Lula, de sua parte, segundo auxiliares, aceitaria a renúncia como decisão provisória, esperando que o aliado demonstre sua inocência e possa voltar a ocupar o cargo, ainda que na prática isso dificilmente possa acontecer. O presidente, de fato, não parece ter alternativa para evitar o dano potencial do escândalo. O mais provável substituto seria o senador Camilo Santana (PT-CE).
A medida seria semelhante à que adotou o ex-presidente Itamar Franco em 1993, quando seu chefe do Gabinete Civil, Henrique Hargreaves, foi investigado pela CPI do Orçamento. Demonstrada a improcedência das acusações, Hargreaves voltou ao cargo em 1994.

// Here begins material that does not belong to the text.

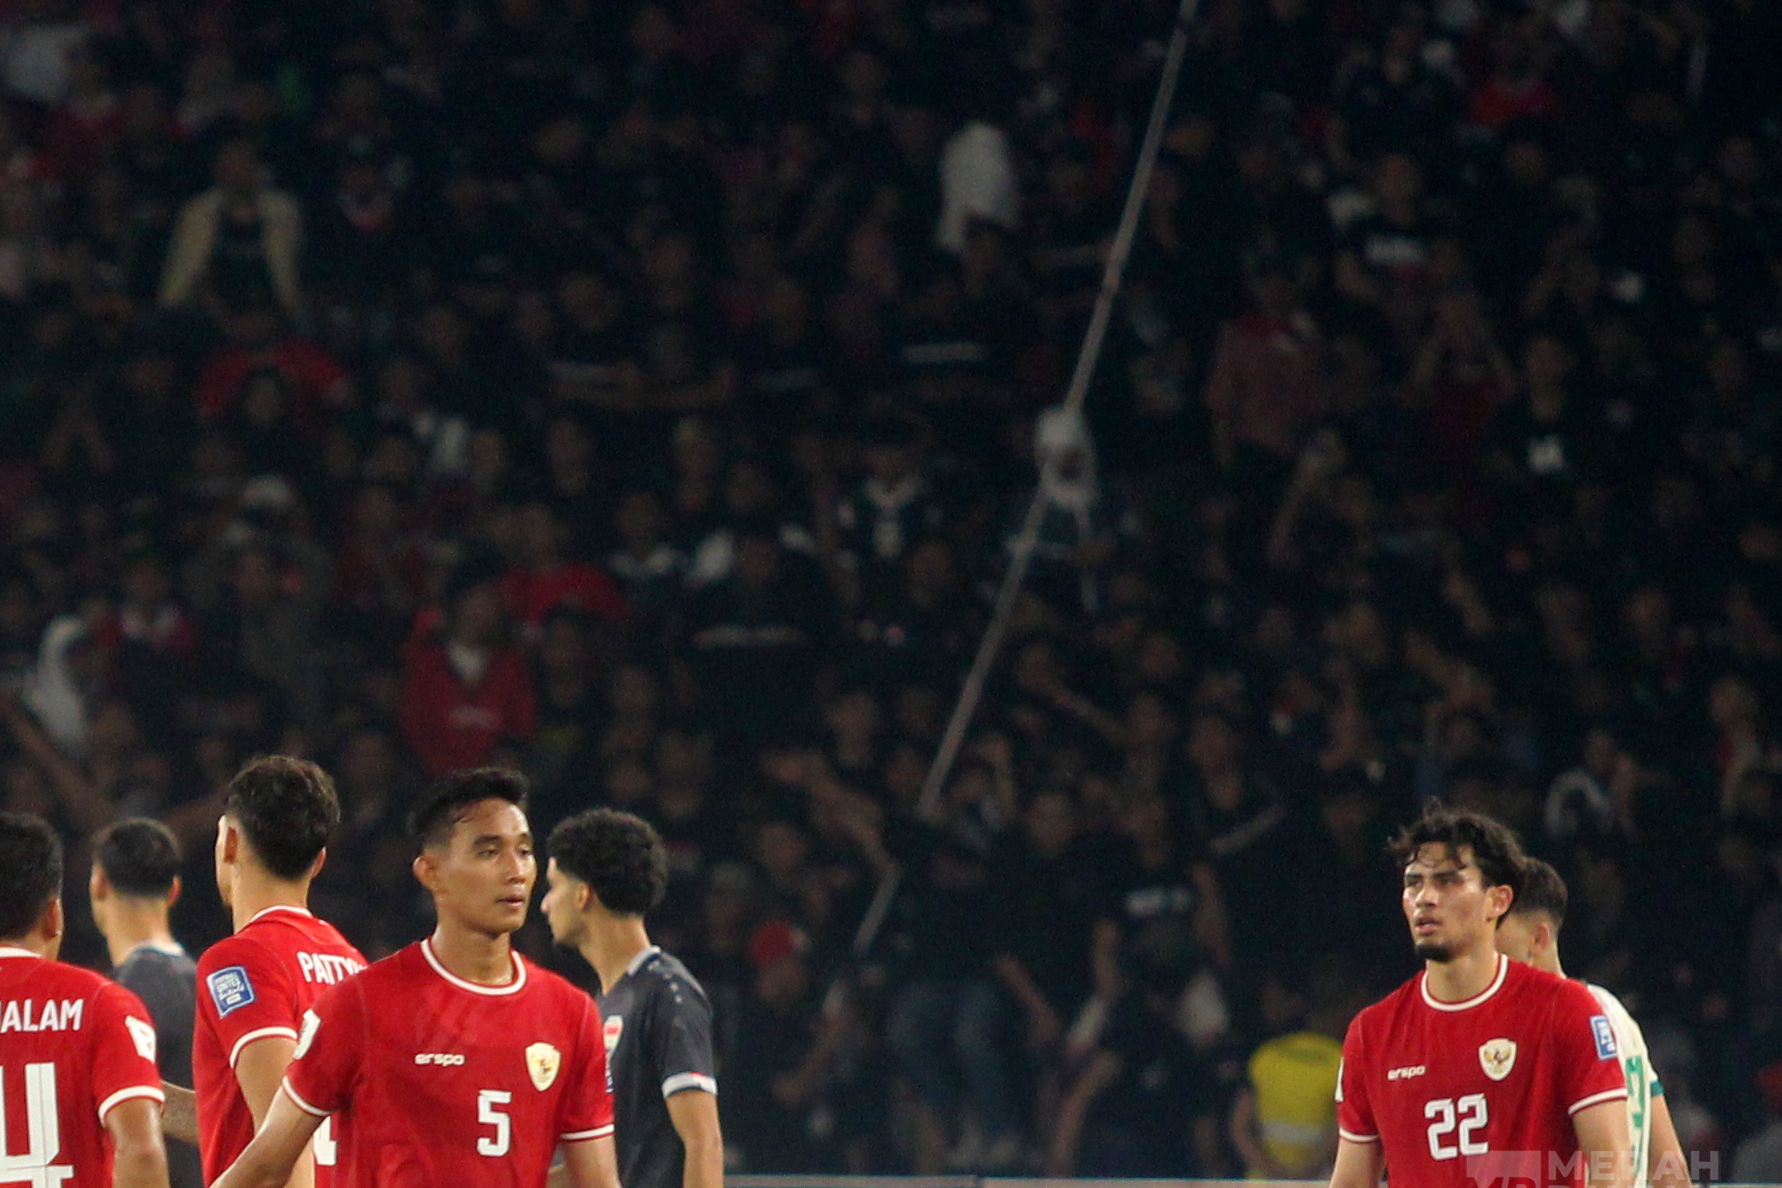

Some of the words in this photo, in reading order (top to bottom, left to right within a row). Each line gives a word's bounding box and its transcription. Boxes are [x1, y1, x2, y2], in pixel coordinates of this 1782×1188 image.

Lula tem com Jaques Wagner, a quem chama na intimidade de “Galego”, conhecida relação de amizade e confiança, mas nem por isso insistirá em mantê-lo numa função política de sua própria escolha. Como candidato à reeleição, esta seria uma decisão altamente inadequada no momento em que ele amplia a vantagem sobre o adversário Flavio Bolsonaro, gravemente atingido pelas relações espúrias mantidas com Daniel Vorcaro, mas enfrenta também os primeiros sinais de ingerência de Donald Trump na disputa em favor de Bolsonarinho e família. A hora é de blindagem, não de camaradagem.